Additionally, though she had been created to be a help to the man, she would now desire to rule over him, and, in return, he would rule over her! Recalling that all of these were negative consequences, we now can understand more clearly the struggle.
What really happened?
The consequences of sin brought an awareness of flesh, a separation from God, and struggles in the very purpose for which God had created both the man and the woman.
Why the struggle, we ask?
We struggle so hard in our marriages because those consequences remain for mankind. We now have a keen awareness of our own flesh and its desires and are ruled by them; we are separated from God and live apart from Him; and we fight and struggle within the consequences of sin declared from the beginning.
The picture is bleak. Is there no hope? Must we always stand on the outside looking in to God’s perfect ways, but never enter in?
Oh, no, no, no, my friend! There is an answer, but it must be God’s way, and not our own. What, then, is the answer?

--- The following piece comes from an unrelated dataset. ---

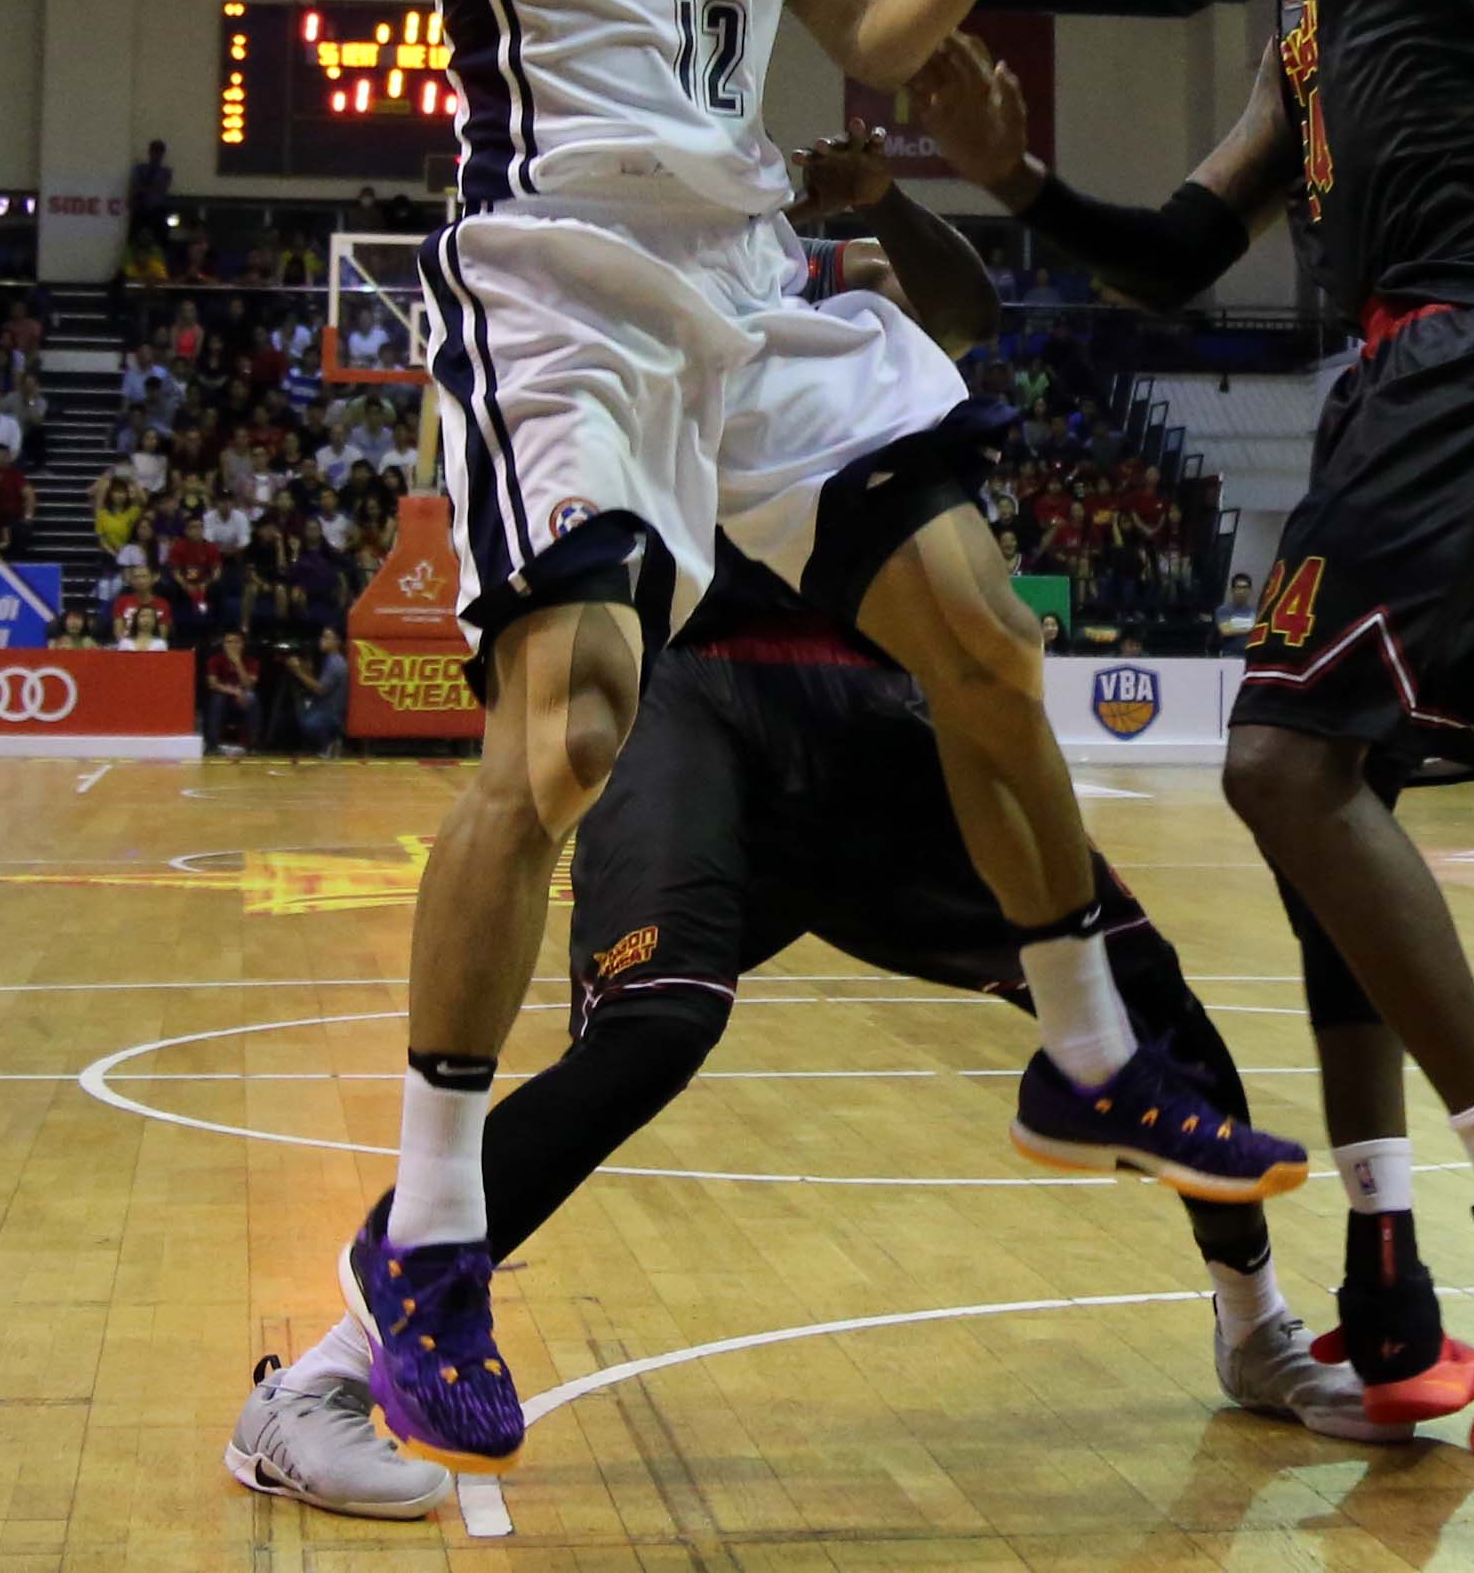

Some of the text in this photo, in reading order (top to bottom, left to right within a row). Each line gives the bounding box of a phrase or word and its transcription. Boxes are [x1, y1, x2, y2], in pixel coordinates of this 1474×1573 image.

[48, 195, 101, 216] SIDE
[361, 656, 467, 684] SAIGO
[1099, 671, 1154, 701] VBA
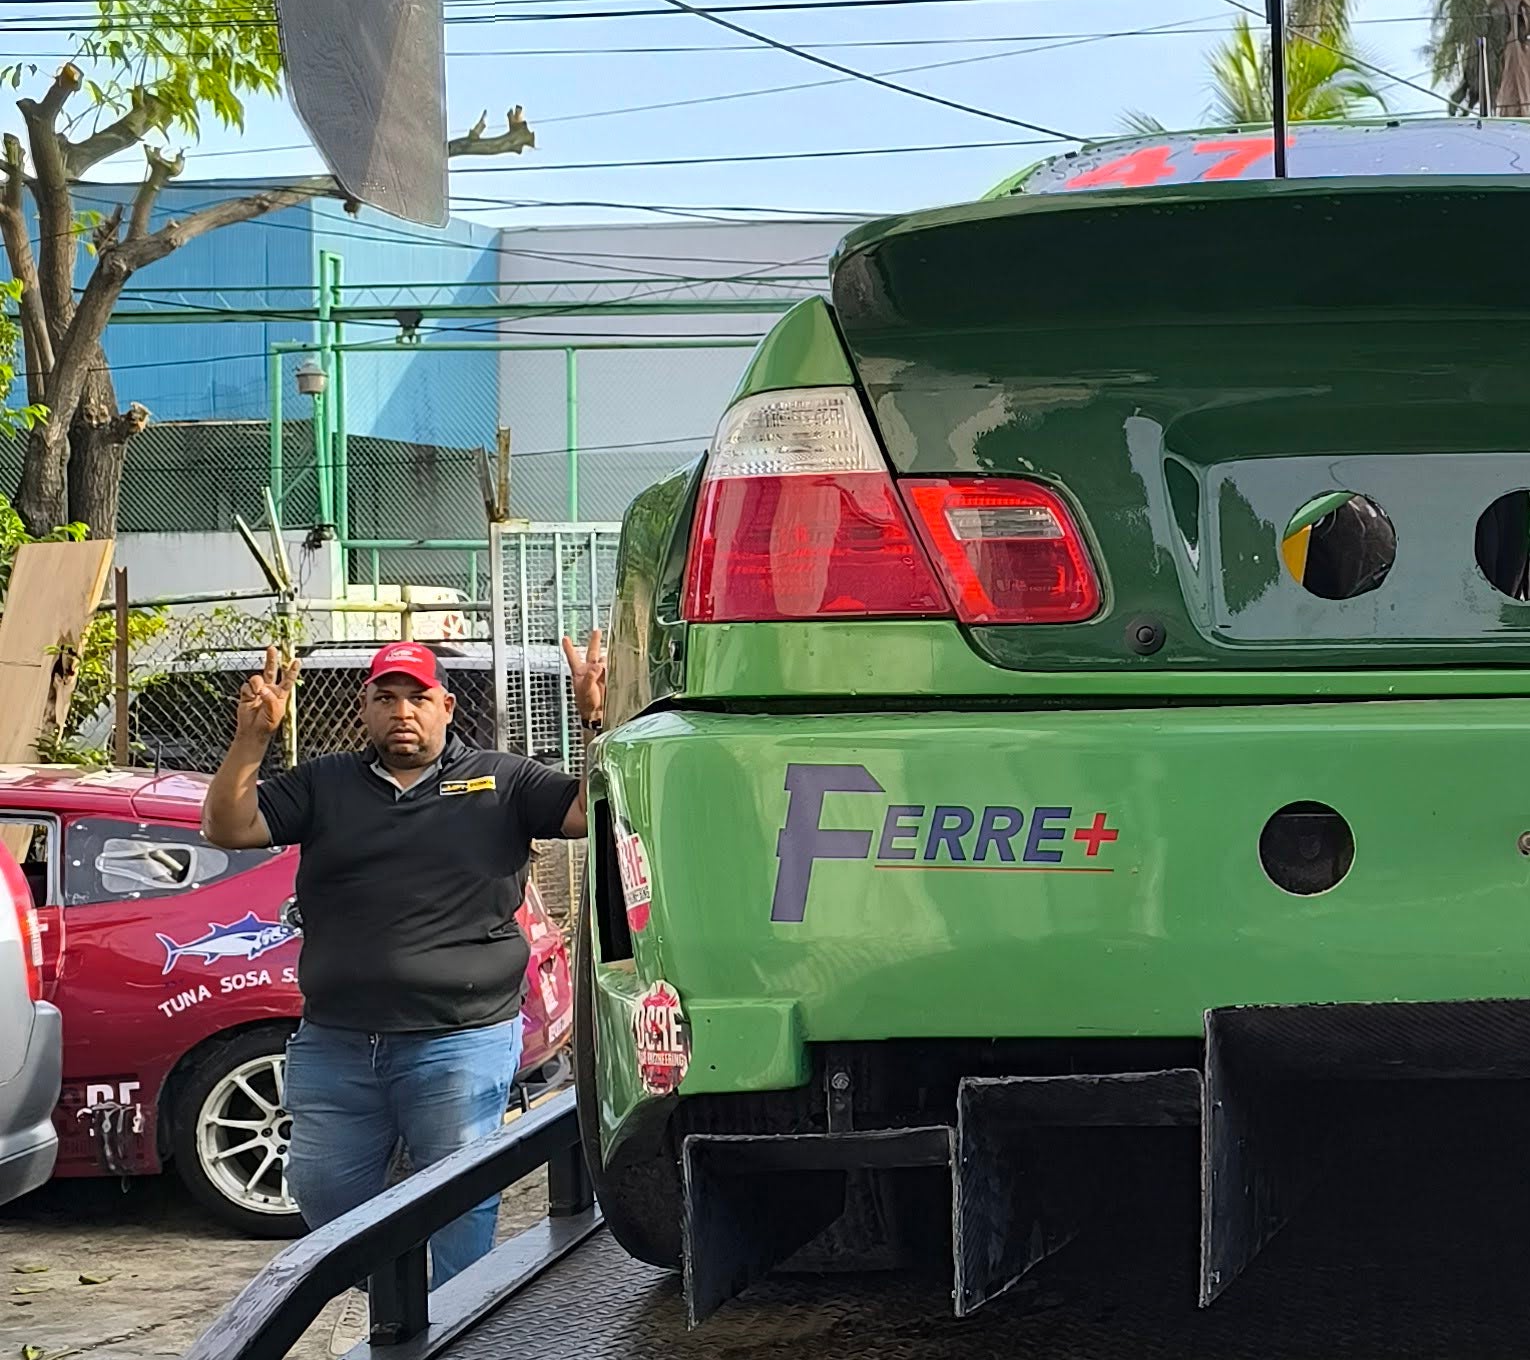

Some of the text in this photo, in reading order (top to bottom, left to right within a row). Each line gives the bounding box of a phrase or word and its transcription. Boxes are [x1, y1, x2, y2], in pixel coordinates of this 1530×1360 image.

First, we must be reconciled to God, and He has made that possible through Jesus Christ. In actuality, He reaches out and calls us to return to Him! And the struggles of life serve to cause us to see our need for Him.
Secondly, we must subdue the flesh. We must understand that it is impossible for our flesh to produce any good thing. Our flesh only produces selfishness and strife, both in actions and words. We must allow the Spirit of the Living God to fill us and control us. For if you recall, it was the presence of the Spirit of God that Adam and Eve lost which caused them to become so aware of their flesh.
And finally, we must return to the purpose for which God created us. For the man, dressing and keeping the garden seemed to have the concepts of provision and protection woven within. And for the woman, God’s creative purpose would include being a help and companion to the man. Additionally, from that union of the two becoming one, God would bring children into the marriage for the husband and wife to nurture, love, and raise to the glory of God.
Three things are a must: 1) a living, loving relationship with The Lord, 2) control by the Spirit of God, and 3) walking in the calling for which God created you.
The struggles will diminish, the joy will increase, and you will forever delight that you entered in!